It is a crisp October night in 1984. I’m sitting at the kitchen table watching my mother struggle to cut shapes into a pumpkin, her brow furrowed in concentration. The mouth of this Jack-O’Lantern is lined with zig-zagging teeth and as Mommy slides the knife upward, it cuts through the pumpkin flesh and up into the nose-triangle. “Dammit”, she murmurs under her breath. She pulls the knife out and resumes cutting from another point. Moments later, on another upward cut, the knife slips and a chunk of pumpkin clatters to the table. Mommy lets out an exasperated sigh and declares, “Well, now the pumpkin has a cleft lip, just like you!”
Having a sense of humor is key to getting through life with or without a physical difference. Lucky for me, I was born into a family which already had a bunch of hilarious people in it. I learned early on that even in the worst moments of life, there is usually some small ridiculousness to be made light of. Finding humor in the dark times is like a life raft in a stormy sea.

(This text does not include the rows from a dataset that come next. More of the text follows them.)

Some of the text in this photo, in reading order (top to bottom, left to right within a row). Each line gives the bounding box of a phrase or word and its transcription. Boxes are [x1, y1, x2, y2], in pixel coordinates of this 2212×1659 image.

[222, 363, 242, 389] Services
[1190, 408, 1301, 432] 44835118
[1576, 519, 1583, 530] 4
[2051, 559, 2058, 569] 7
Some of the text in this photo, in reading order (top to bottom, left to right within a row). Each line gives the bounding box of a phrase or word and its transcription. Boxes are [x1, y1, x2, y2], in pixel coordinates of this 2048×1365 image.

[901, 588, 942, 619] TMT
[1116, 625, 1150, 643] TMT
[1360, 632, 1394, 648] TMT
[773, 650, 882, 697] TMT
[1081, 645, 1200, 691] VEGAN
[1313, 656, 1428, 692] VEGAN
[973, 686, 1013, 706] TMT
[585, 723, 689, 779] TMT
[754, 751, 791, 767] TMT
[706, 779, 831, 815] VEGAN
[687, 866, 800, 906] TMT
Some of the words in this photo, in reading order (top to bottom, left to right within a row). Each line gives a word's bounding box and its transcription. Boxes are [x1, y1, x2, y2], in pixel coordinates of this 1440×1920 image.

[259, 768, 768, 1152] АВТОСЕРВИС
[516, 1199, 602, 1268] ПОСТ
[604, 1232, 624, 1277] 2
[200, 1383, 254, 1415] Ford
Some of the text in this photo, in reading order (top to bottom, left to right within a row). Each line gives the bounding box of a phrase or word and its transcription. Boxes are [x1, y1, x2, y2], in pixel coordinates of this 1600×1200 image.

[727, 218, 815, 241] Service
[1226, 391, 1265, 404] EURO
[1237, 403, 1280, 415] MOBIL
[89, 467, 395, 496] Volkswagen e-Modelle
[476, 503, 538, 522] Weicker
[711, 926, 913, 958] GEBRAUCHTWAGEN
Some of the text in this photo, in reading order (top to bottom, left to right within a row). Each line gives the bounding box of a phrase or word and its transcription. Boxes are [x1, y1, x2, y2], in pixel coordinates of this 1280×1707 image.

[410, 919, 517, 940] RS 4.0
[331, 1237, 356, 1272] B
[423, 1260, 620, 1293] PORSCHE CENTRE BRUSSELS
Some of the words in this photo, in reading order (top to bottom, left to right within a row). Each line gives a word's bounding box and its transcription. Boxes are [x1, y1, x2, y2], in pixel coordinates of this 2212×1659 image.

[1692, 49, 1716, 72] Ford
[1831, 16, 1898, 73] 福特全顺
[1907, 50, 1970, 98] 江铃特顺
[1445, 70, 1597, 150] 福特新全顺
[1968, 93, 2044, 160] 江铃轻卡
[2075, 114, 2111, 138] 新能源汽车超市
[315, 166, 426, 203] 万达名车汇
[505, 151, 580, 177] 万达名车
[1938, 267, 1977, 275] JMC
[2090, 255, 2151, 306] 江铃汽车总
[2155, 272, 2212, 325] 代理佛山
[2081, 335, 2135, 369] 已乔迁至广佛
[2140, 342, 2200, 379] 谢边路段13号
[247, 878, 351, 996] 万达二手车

Fast forward about 12 years after the cleft-pumpkin incident. I’m nested among pillows and blankets in a recliner in our family room, recovering from major jaw surgery. My mouth has been wired shut for weeks and all I can eat are foods that have been liquefied and squeezed into my mouth through a giant syringe. My face is horrendously swollen and bruised. I’m skinnier and weaker than usual, and feeling pretty low. From my spot in the family room, I can see my mom in the kitchen, preparing my next meal. Lethargically I watch as she packs some puréed slop into the syringe and then attempts to insert the plunger into the base. The rubber seal on the plunger gives her some trouble, so she turns the whole thing upside down so that the syringe is pointing upward. I can see where this is going and my eyes widen as, in her frustration, she presses hard on the syringe, causing the plunger to slide up quickly and eject the contents of the syringe up onto the kitchen ceiling. There is a moment of silence, as we take in the situation. Then I begin to laugh. Possibly the first time I laugh since the surgery. My jaws ache as I strain against the wires that are holding everything in place. Tears squeeze out of my eyes and roll down my swollen cheeks. It isn’t easy to laugh with your jaws wired shut, but the lightness of mind that comes with a good chuckle is a relief, and I can suddenly see the light at the end of the tunnel.